For more than 160 years, the State Fair has been a massive convention of industrial food technology, food marketing, and yes, an incubator of food fads, like this year’s run on pickle foods. By the time I got back to the Fair to see Yung Gravy rickrolling 9000 kids with his hit “Betty (Get Money)” his interpolation of Astley’s “Never Gonna Give You Up,” it was hard not to feel kind of like the latest rube trying to play a clearly fixed game of chance on the Midway.
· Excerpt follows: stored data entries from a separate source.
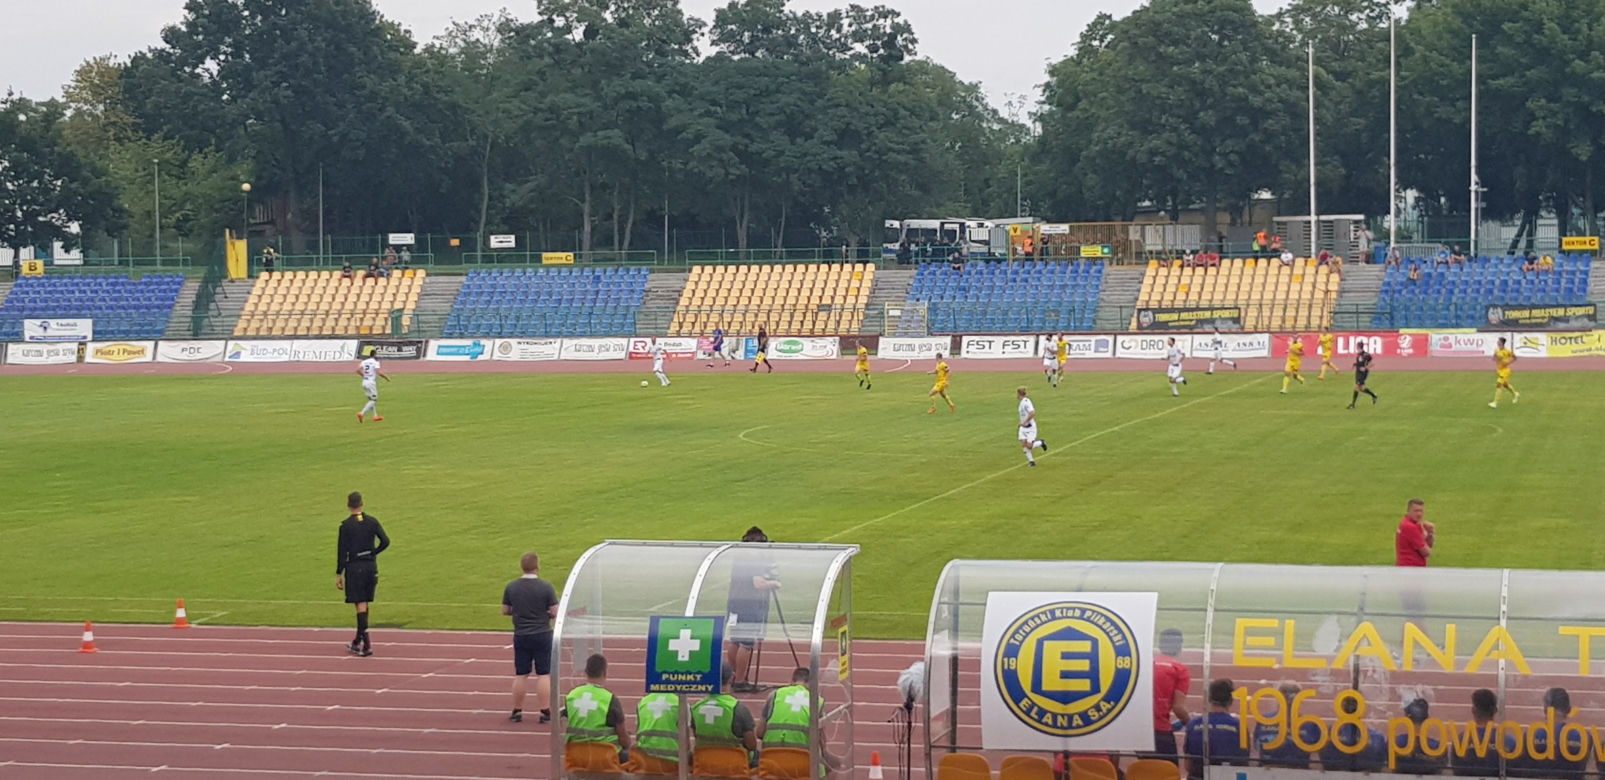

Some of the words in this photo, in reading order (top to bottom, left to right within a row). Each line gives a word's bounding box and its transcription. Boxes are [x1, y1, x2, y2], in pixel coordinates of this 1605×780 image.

[1588, 238, 1596, 247] C
[565, 254, 572, 262] C
[28, 261, 38, 271] B
[966, 339, 995, 350] FST
[1002, 339, 1030, 350] FST
[1337, 335, 1384, 354] LIGA
[1454, 335, 1484, 347] kwp
[1550, 334, 1587, 346] HOTEL
[1054, 608, 1082, 619] Klub
[1233, 617, 1532, 676] ELANA
[1003, 657, 1018, 670] 19
[1041, 640, 1092, 692] E
[1115, 656, 1132, 669] 68
[661, 673, 703, 682] PUNKT
[649, 683, 714, 693] MEDYCZNY
[1018, 697, 1084, 728] ELANA
[1087, 700, 1116, 722] S.A.
[1231, 686, 1369, 755] 1968
But by the next morning, I didn’t want to come off like the Star Tribune, who called Gravy’s set “the dumbest Grandstand performance I’ve had to review since G-Eazy.” Or the Pioneer Press, who wrote, “In some ways, Yung Gravy came off as an unintentional parody of hip-hop.” I didn’t want to be another salty critic pointing out that SoundCloud rap like Gravy’s isn’t that nutritious for you, and your calories would be better spent listening to Pearl Jam or something, because who wants to be a sourpuss, right? Especially when everybody else at the circus is having the time of their lives. But a sour pickle on the other, hand: well, everybody knows a pickle that’s been sliced and dredged in batter before being deep fried, or a pickle that’s been sliced to top a rich, cheesy pizza, is going to be delicious, because the sourness of the pickle cuts against the sweetness of the crust and the creaminess of the fat. It’s crunchy and salty and sweet, and the sourness actually helps you to consume more stuff. But we shouldn’t think of this as some conspiracy, that we’re all being tricked into listening to Rick Astley and to eat fried foods without realizing it. We should just realize that SoundCloud rap and fried foods are fun, and that the reason that there’s a pickle fad this year is because the food industry has to keep thinking of novel way to get us to eat more. We just have to realize that we can’t possibly listen to Yung Gravy or eat fried pickles all the time, only sometimes, a few times a year maybe, you know, as a treat. So don’t let the pickle craze sour you on the Fair; instead let its sourness brace you: let all these pickles wake you up.